··· ENTRIES PROVIDED

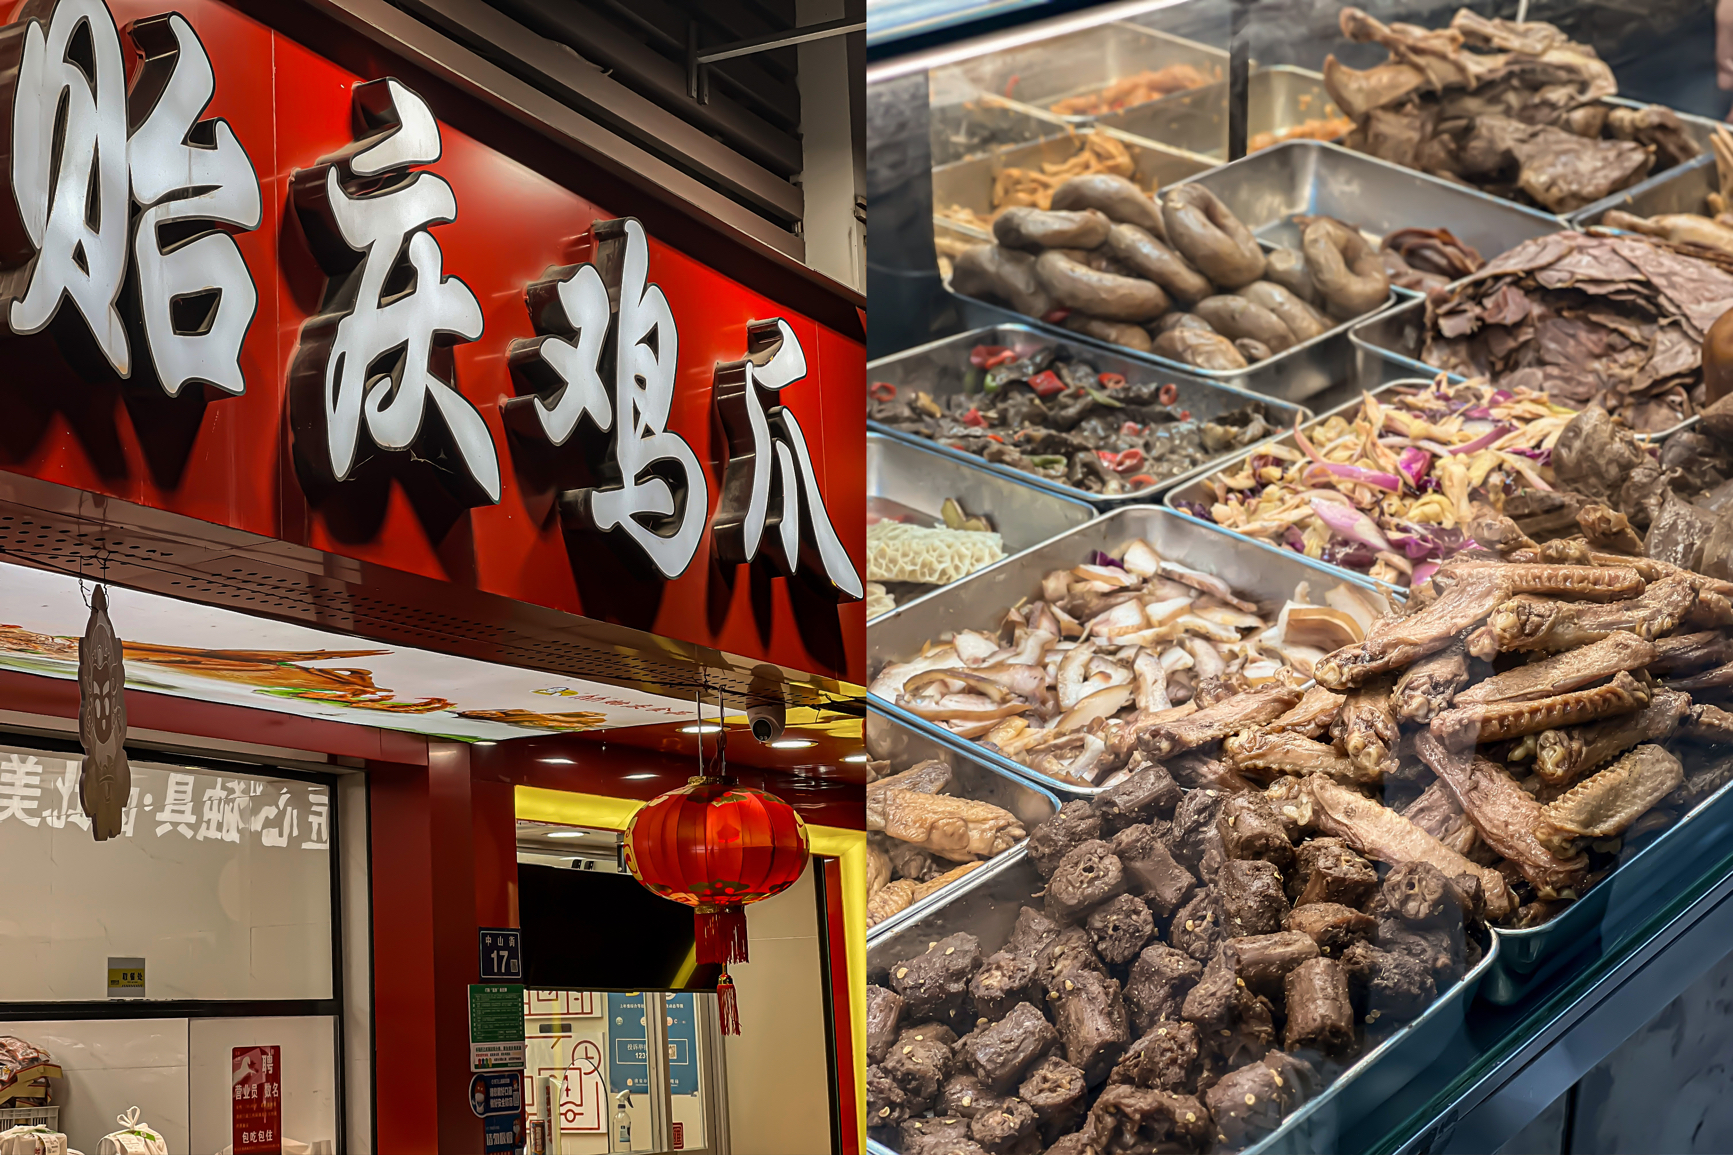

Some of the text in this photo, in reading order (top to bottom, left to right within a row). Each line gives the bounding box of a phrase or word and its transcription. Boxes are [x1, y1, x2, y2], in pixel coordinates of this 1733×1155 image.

[485, 934, 516, 947] 中山街
[490, 950, 509, 973] 17
[261, 1054, 274, 1075] 聘
[234, 1082, 279, 1101] 营业员 数名
[242, 1129, 273, 1144] 包吃包住

······

▸ WHAT YOU HAVE TO DO
Please retype the records above exactly, leaving every image out.

▸ TASK RESPONSE
Some of the text in this photo, in reading order (top to bottom, left to right within a row). Each line gives the bounding box of a phrase or word and its transcription. Boxes are [x1, y1, x2, y2], in pixel coordinates of this 1733×1155 image.

[485, 934, 516, 947] 中山街
[490, 950, 509, 973] 17
[261, 1054, 274, 1075] 聘
[234, 1082, 279, 1101] 营业员 数名
[242, 1129, 273, 1144] 包吃包住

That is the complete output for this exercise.